BEGIN INPUT RECORDS
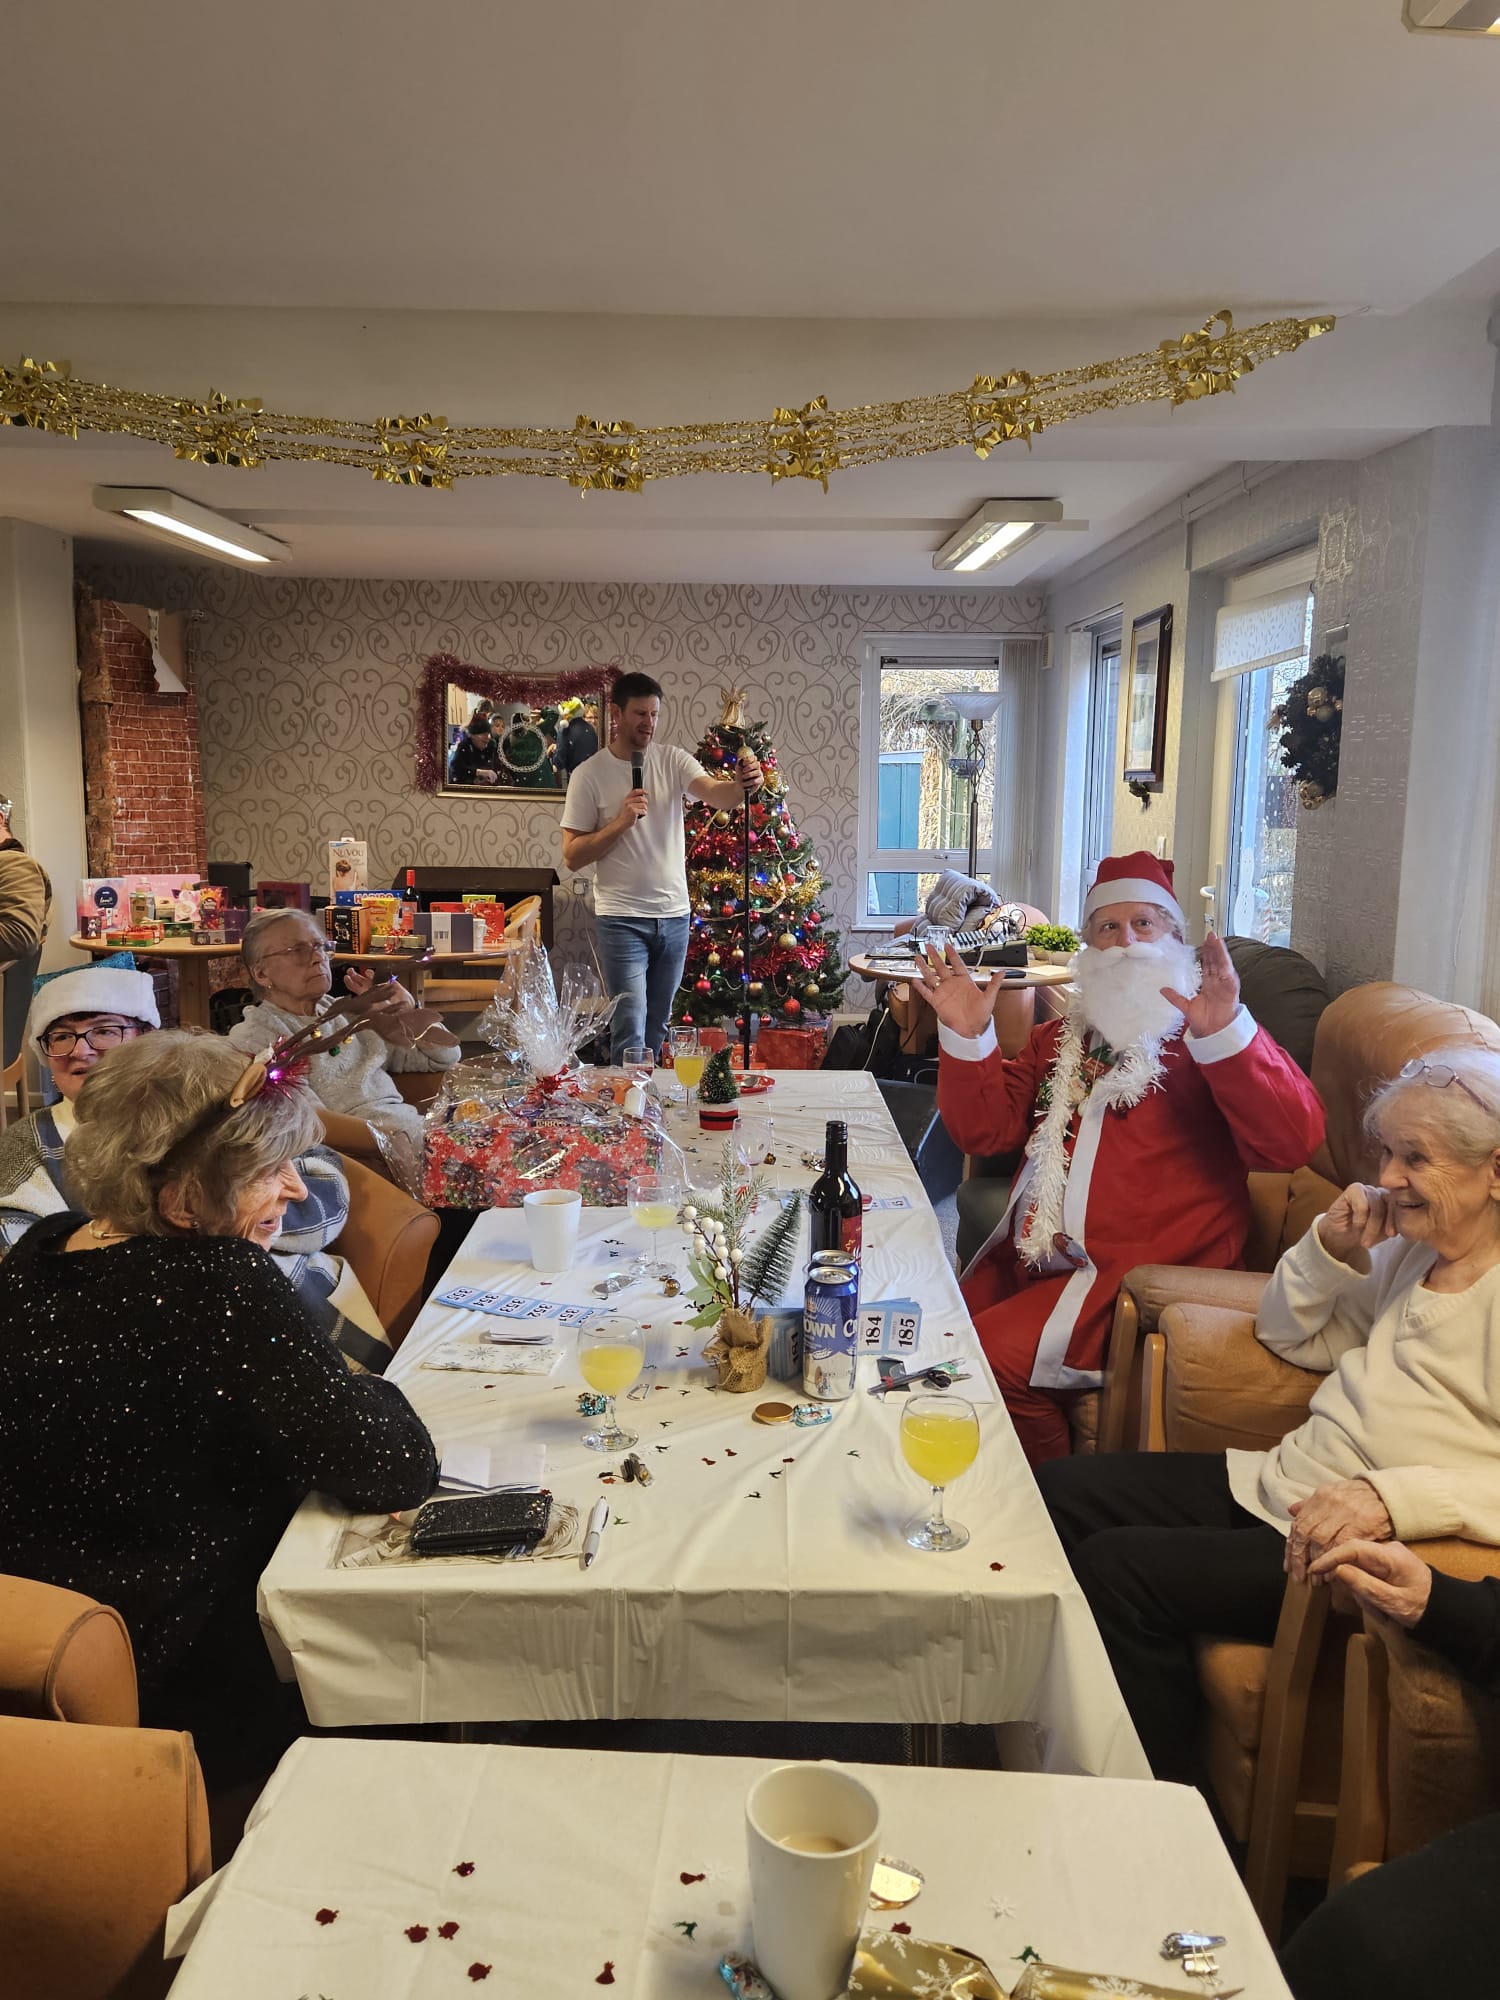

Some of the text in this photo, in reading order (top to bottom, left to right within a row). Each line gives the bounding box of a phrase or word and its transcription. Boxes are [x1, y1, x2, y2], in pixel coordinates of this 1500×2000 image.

[499, 1298, 526, 1313] 353
[526, 1303, 553, 1318] 352
[865, 1316, 882, 1346] 184
[898, 1318, 916, 1348] 185
END INPUT RECORDS
Give back every record above exactly as written, skipping each picture.

RESULT OF THIS TASK —
Some of the text in this photo, in reading order (top to bottom, left to right within a row). Each line gives the bounding box of a phrase or word and its transcription. Boxes are [x1, y1, x2, y2], in pixel coordinates of this 1500×2000 image.

[499, 1298, 526, 1313] 353
[526, 1303, 553, 1318] 352
[865, 1316, 882, 1346] 184
[898, 1318, 916, 1348] 185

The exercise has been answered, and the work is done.